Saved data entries
####

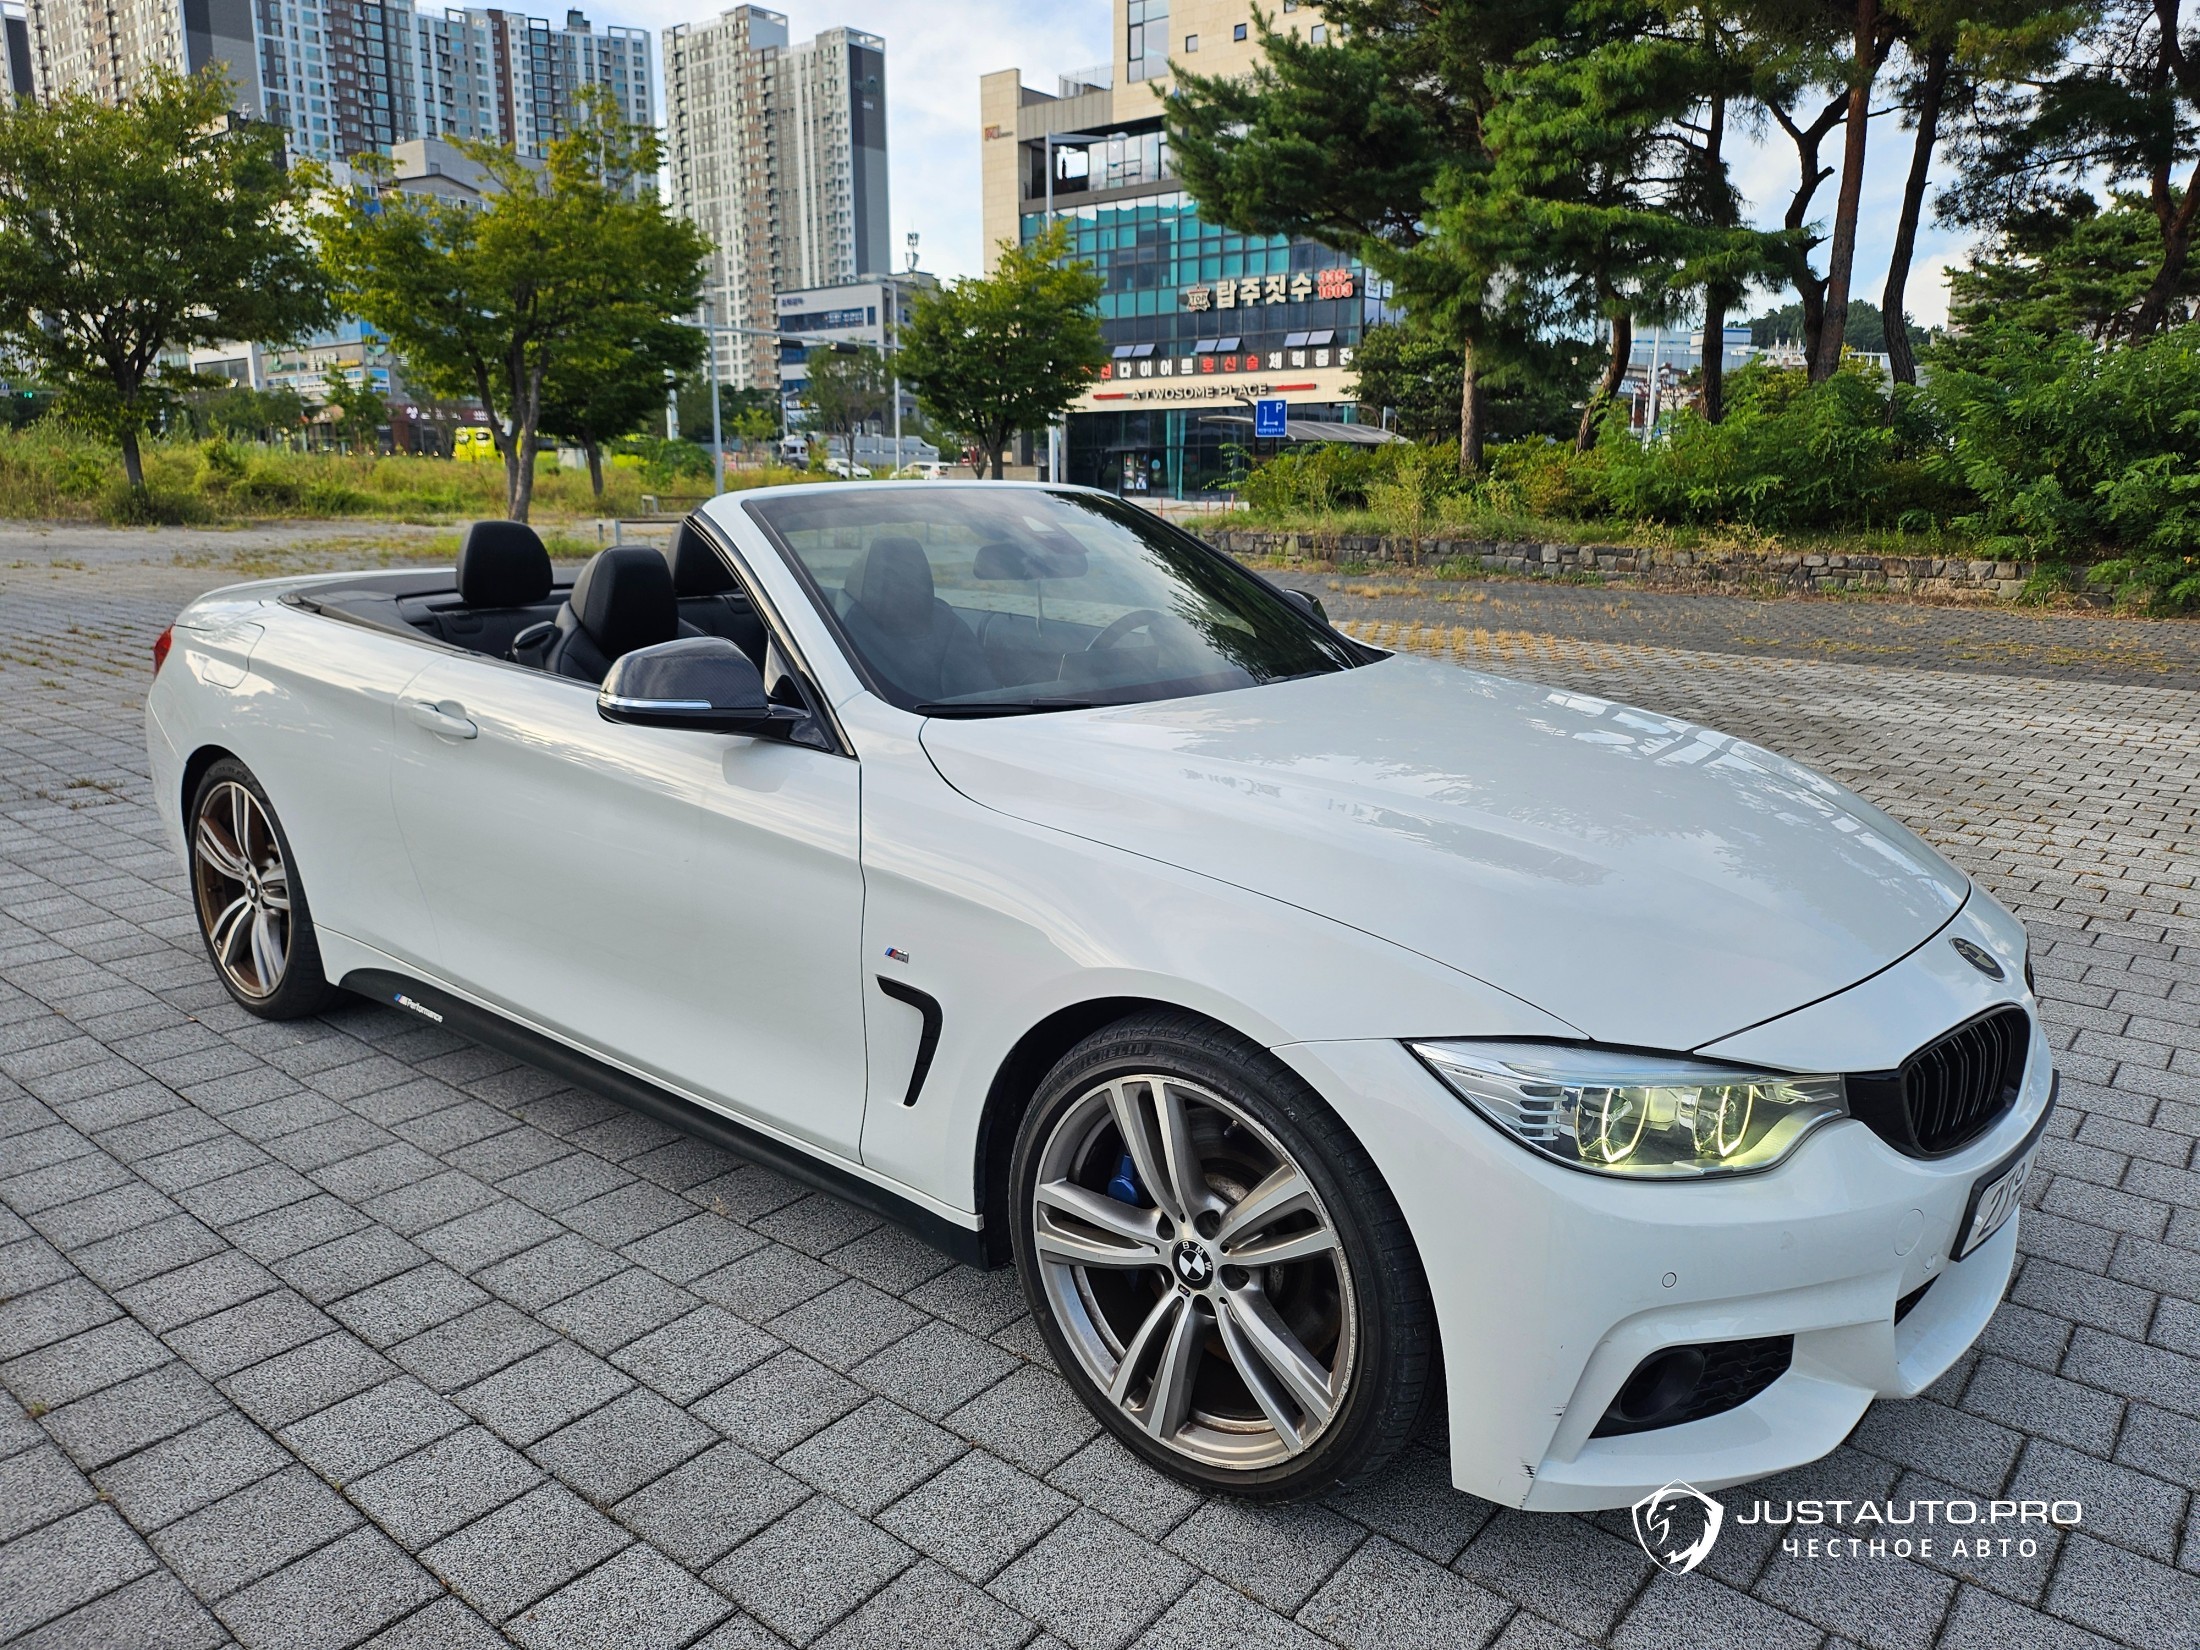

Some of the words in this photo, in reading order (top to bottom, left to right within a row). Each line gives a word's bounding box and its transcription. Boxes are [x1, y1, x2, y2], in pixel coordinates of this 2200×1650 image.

[1216, 272, 1313, 309] 탑주짓수
[1318, 282, 1353, 299] 1603
[1119, 358, 1194, 378] 다이어트
[1202, 355, 1259, 373] 호신술
[1132, 389, 1141, 401] A
[1144, 385, 1215, 400] TWOSOME
[1219, 382, 1268, 397] PLACE
[1276, 402, 1283, 413] P
[1182, 1241, 1212, 1271] BMW
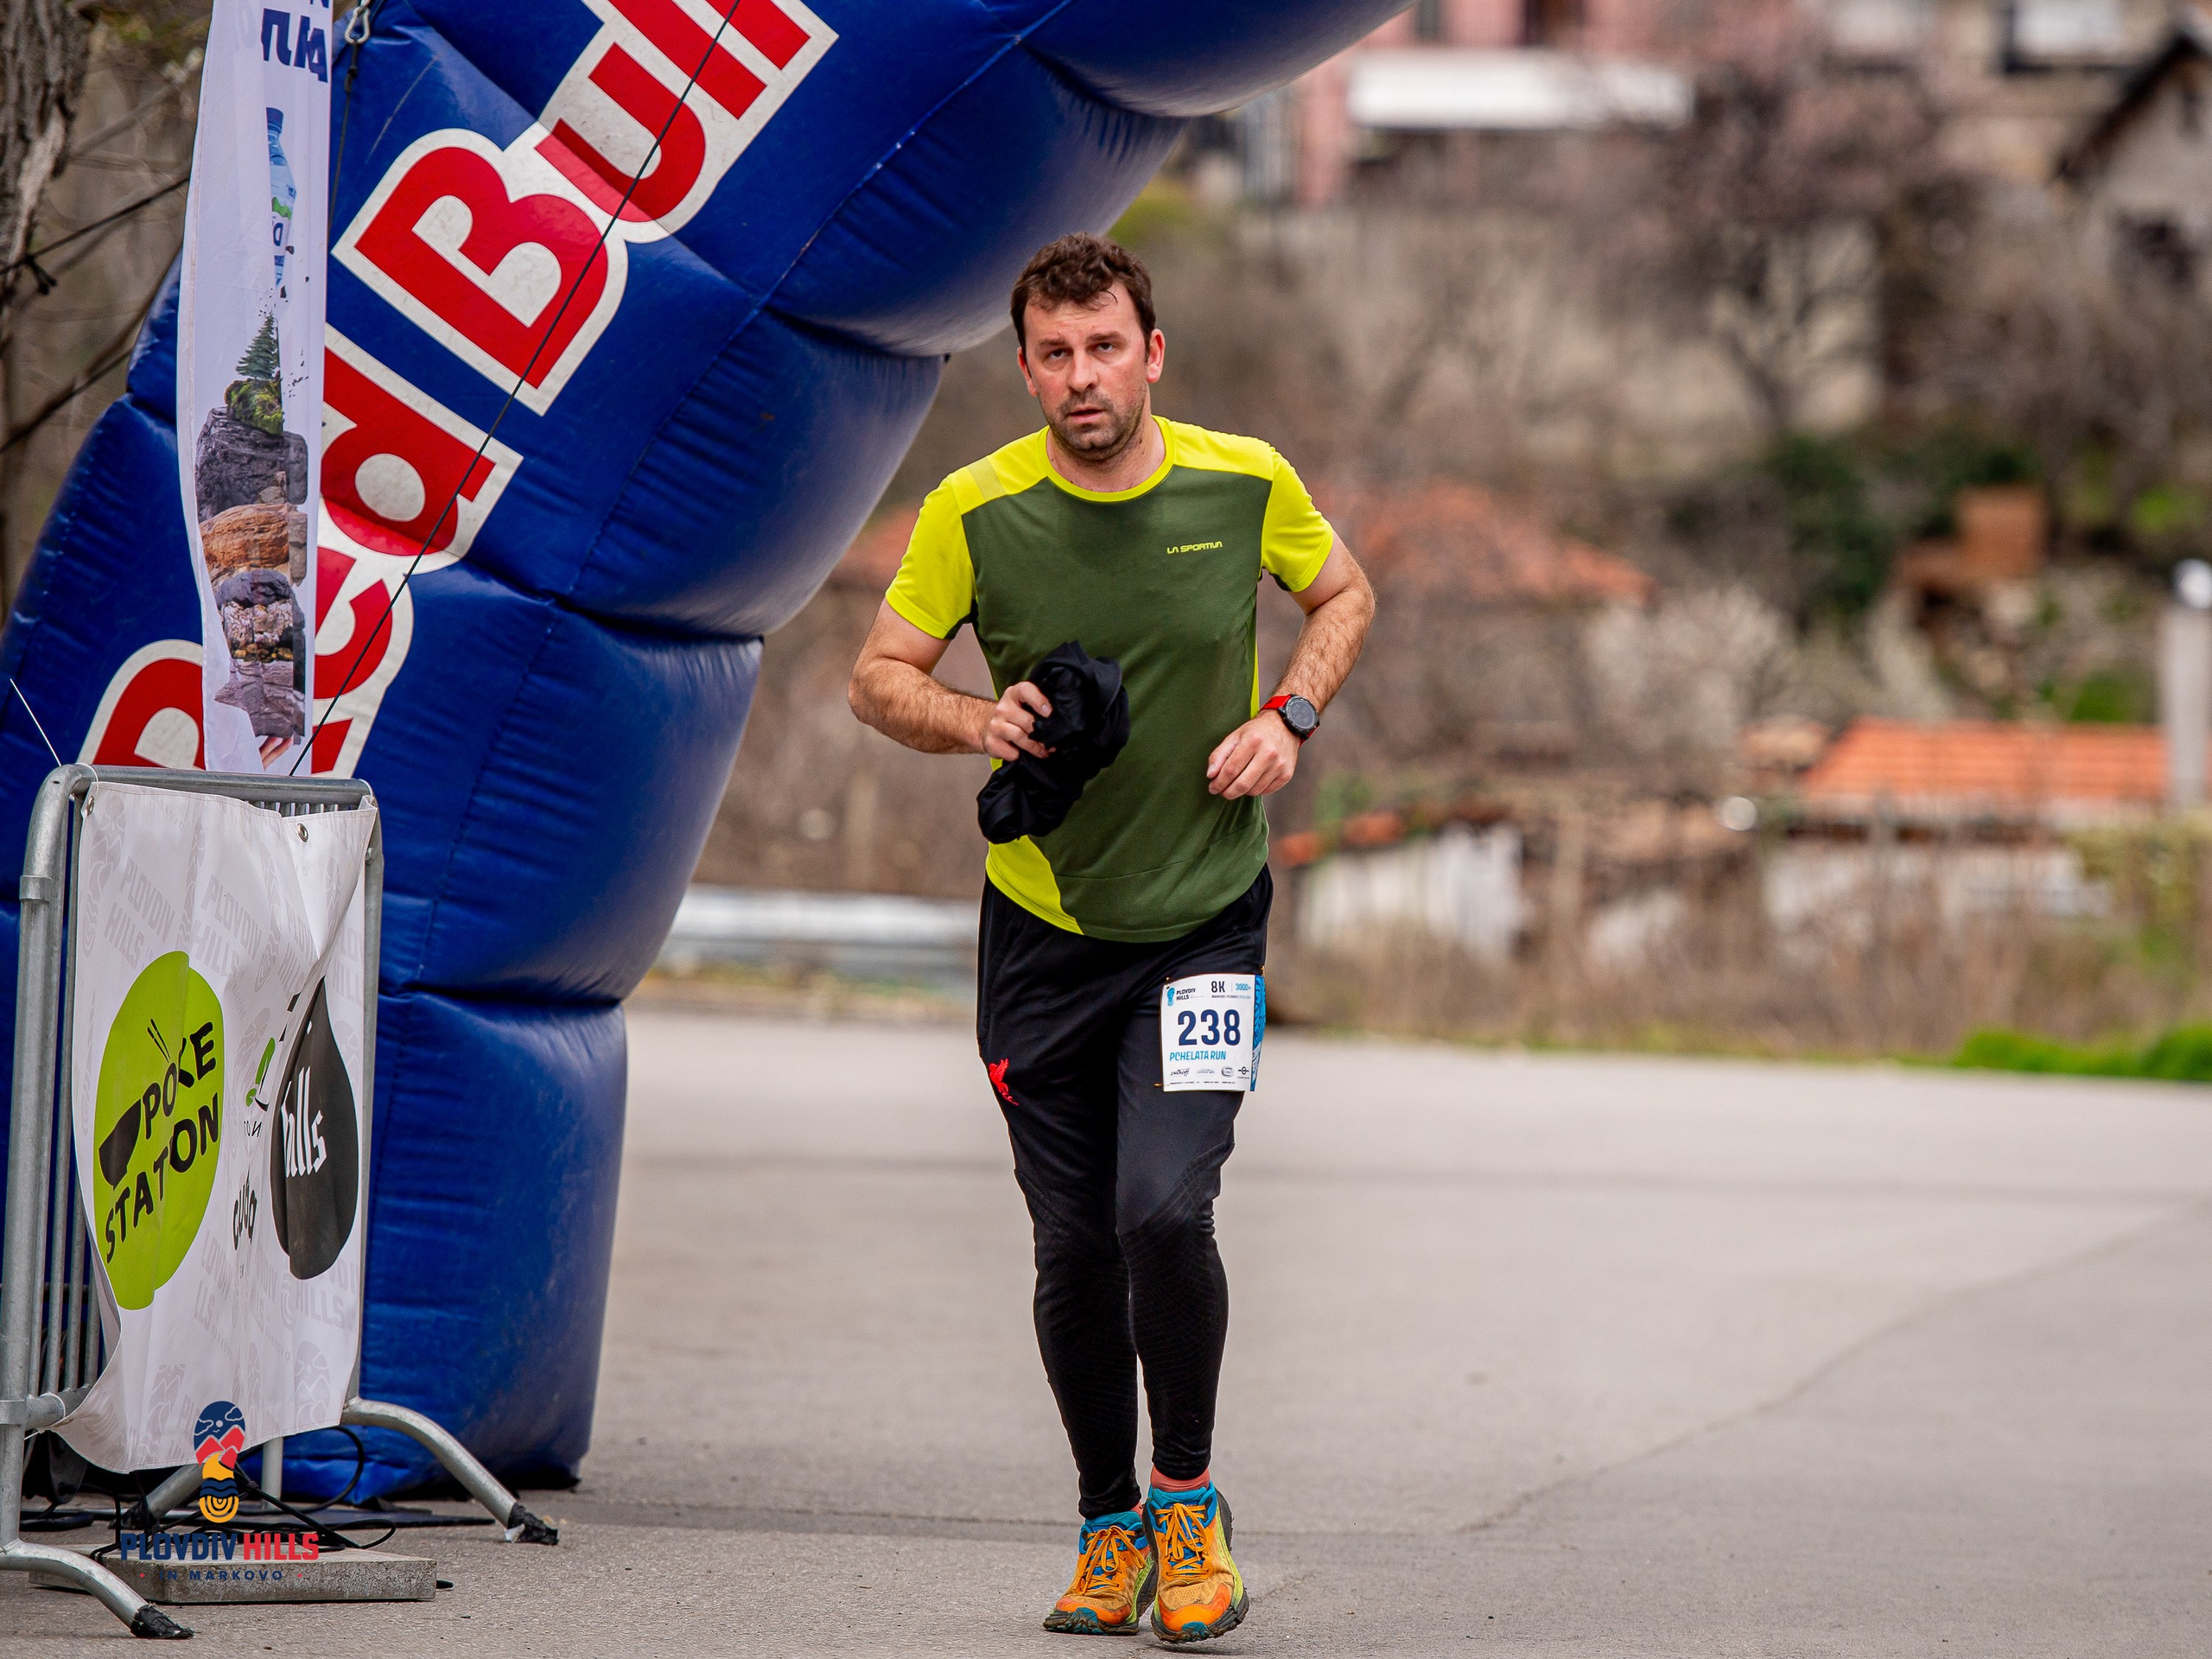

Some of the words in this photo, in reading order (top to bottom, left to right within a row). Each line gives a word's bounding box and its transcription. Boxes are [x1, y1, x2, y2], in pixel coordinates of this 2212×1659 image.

####

Work request →
Drop the pictures and reproduce the rest of the entries above exactly.

Output of the exercise →
Some of the words in this photo, in reading order (top to bottom, left to right within a row). Each line gives a word's bounding box and its transcription. Boxes are [x1, y1, x2, y2], in pixel coordinates of this 2200×1650 image.

[1216, 272, 1313, 309] 탑주짓수
[1318, 282, 1353, 299] 1603
[1119, 358, 1194, 378] 다이어트
[1202, 355, 1259, 373] 호신술
[1132, 389, 1141, 401] A
[1144, 385, 1215, 400] TWOSOME
[1219, 382, 1268, 397] PLACE
[1276, 402, 1283, 413] P
[1182, 1241, 1212, 1271] BMW

Some of the words in this photo, in reading order (top to bottom, left to right within a row). Each line gives a word's bounding box and its transcription. Boxes are [x1, y1, x2, y2], in pixel coordinates of this 2212×1659 image.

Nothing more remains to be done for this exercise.